Free-text object descriptions:
************

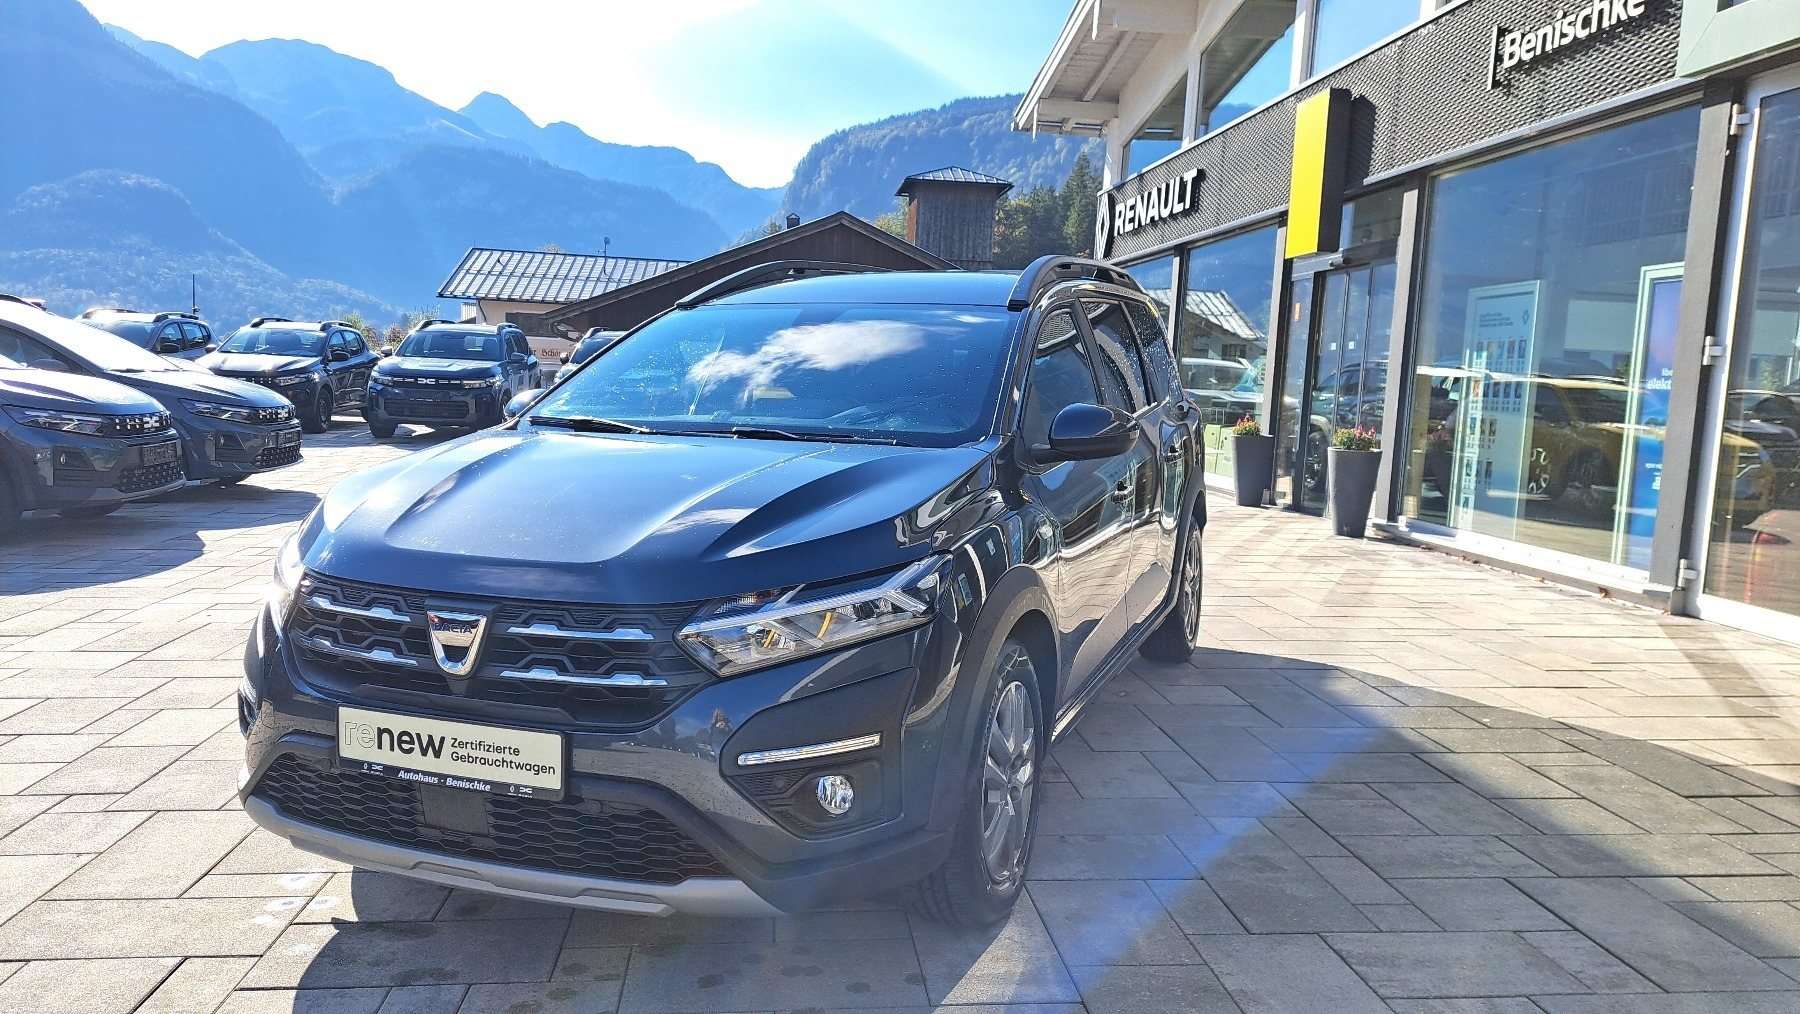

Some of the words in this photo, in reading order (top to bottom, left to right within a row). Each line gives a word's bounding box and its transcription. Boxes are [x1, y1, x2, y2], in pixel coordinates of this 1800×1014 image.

[1503, 0, 1645, 69] Benischke
[1113, 167, 1198, 237] RENAULT
[431, 622, 473, 634] DACIA
[344, 721, 446, 759] renew
[450, 737, 521, 757] Zertifizierte
[450, 751, 556, 776] Gebrauchtwagen
[397, 769, 439, 784] Autohaus
[445, 777, 491, 792] Benischke
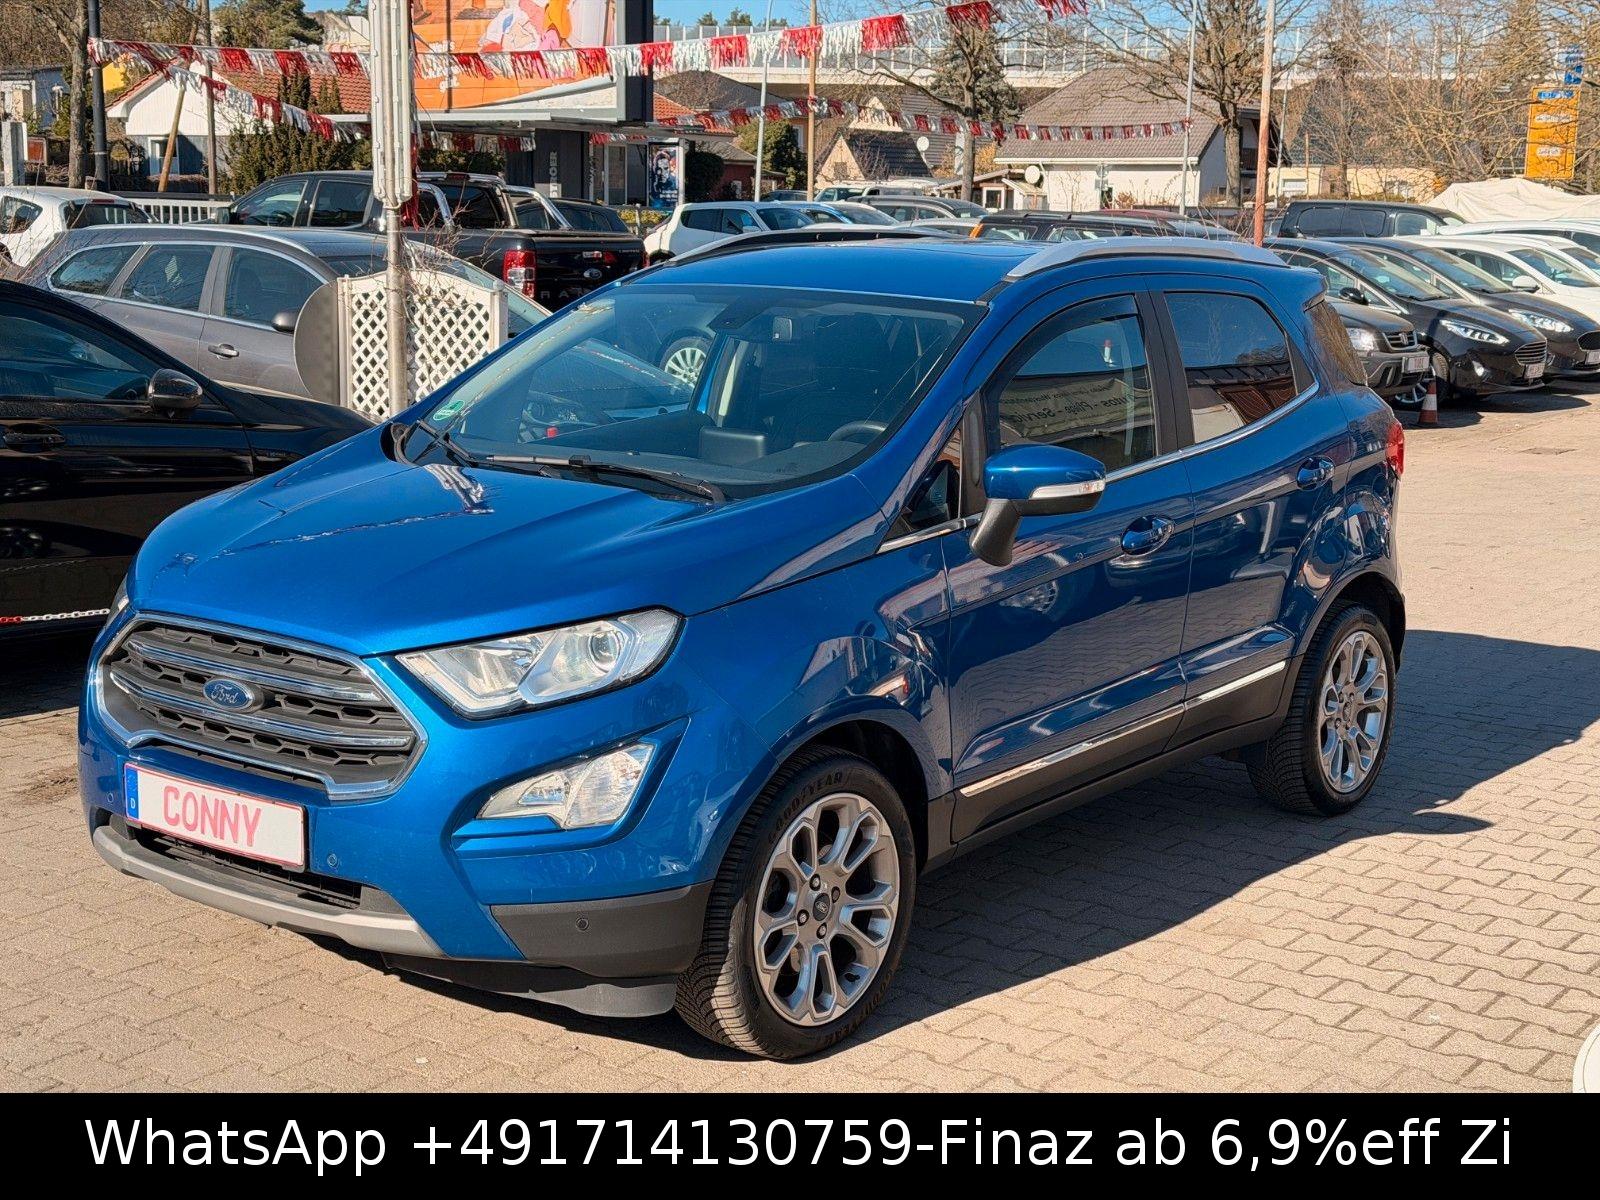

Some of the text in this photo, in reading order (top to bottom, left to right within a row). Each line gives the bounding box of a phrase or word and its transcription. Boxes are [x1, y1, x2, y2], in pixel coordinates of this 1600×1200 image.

[210, 683, 239, 704] Ford
[130, 797, 136, 809] D
[163, 785, 262, 847] CONNY
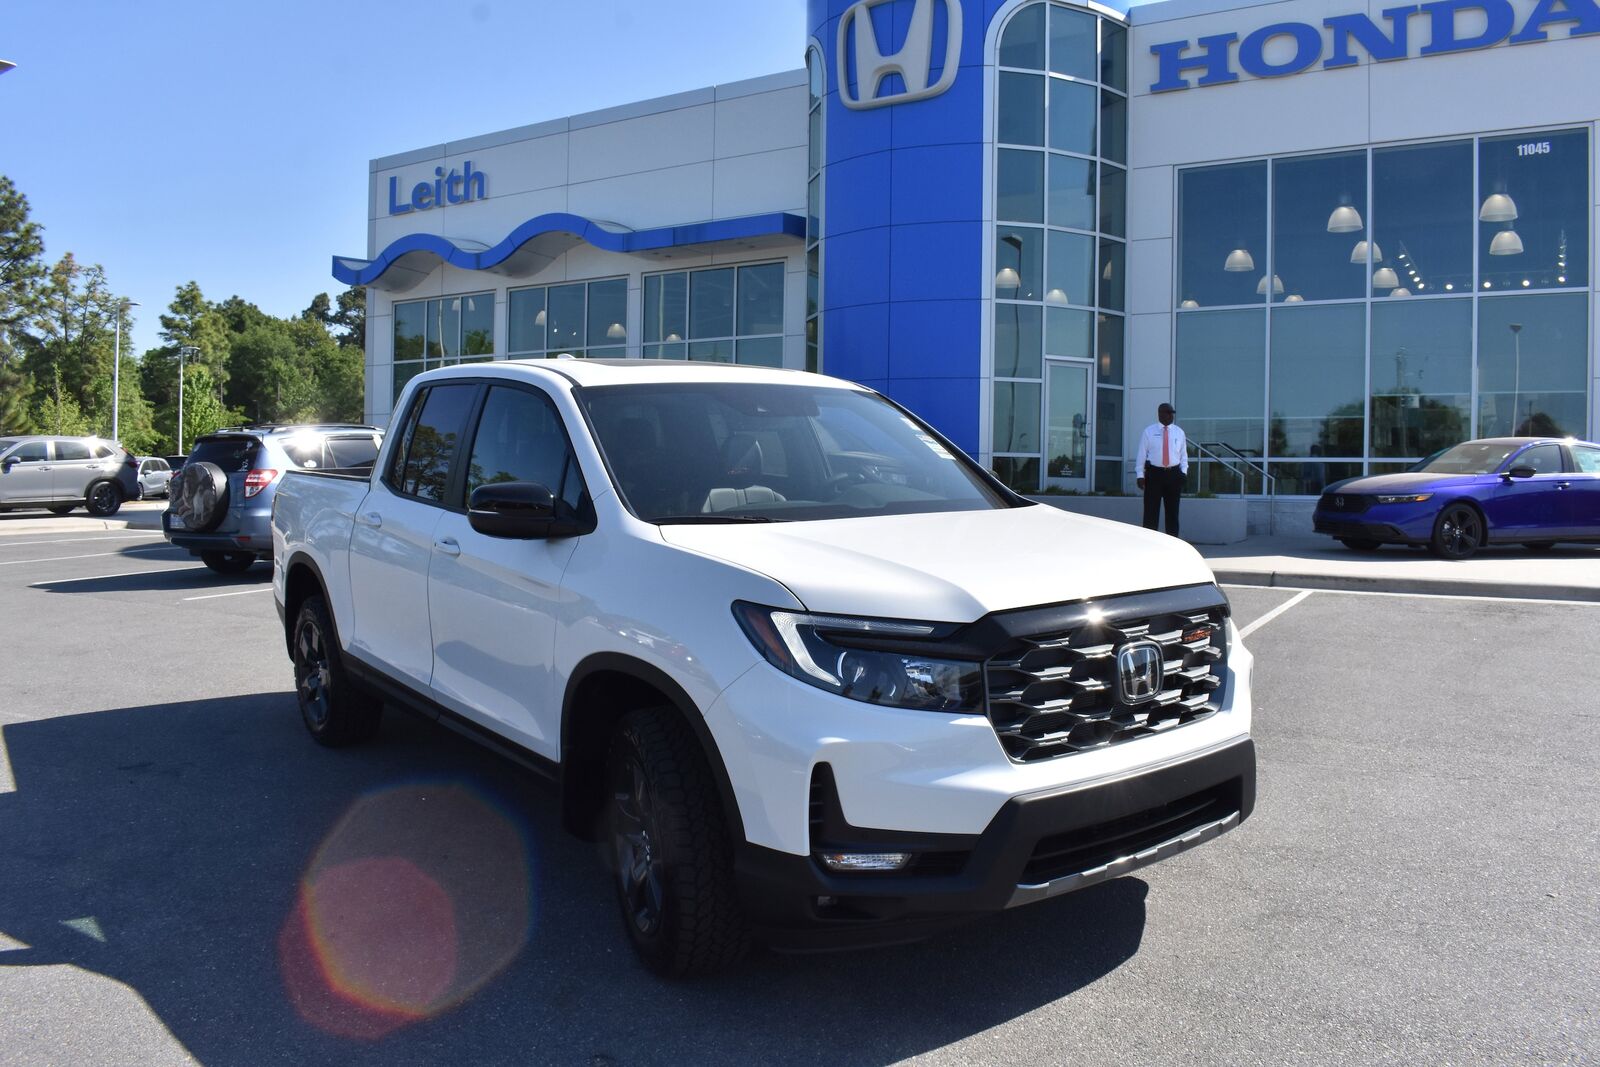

************

## Task prompt
Would you copy all of the data exactly? Keep the pictures out of it.

## Answer for this exercise
Some of the words in this photo, in reading order (top to bottom, left to right within a row). Each line gives a word's bounding box and its transcription. Boxes are [x1, y1, x2, y2], in pixel coordinates of this 1800×1014 image.

[1503, 0, 1645, 69] Benischke
[1113, 167, 1198, 237] RENAULT
[431, 622, 473, 634] DACIA
[344, 721, 446, 759] renew
[450, 737, 521, 757] Zertifizierte
[450, 751, 556, 776] Gebrauchtwagen
[397, 769, 439, 784] Autohaus
[445, 777, 491, 792] Benischke

Some of the text in this photo, in reading order (top to bottom, left to right within a row). Each line gives the bounding box of a phrase or word and its transcription. Boxes are [x1, y1, x2, y2], in pixel coordinates of this 1600×1200 image.

[210, 683, 239, 704] Ford
[130, 797, 136, 809] D
[163, 785, 262, 847] CONNY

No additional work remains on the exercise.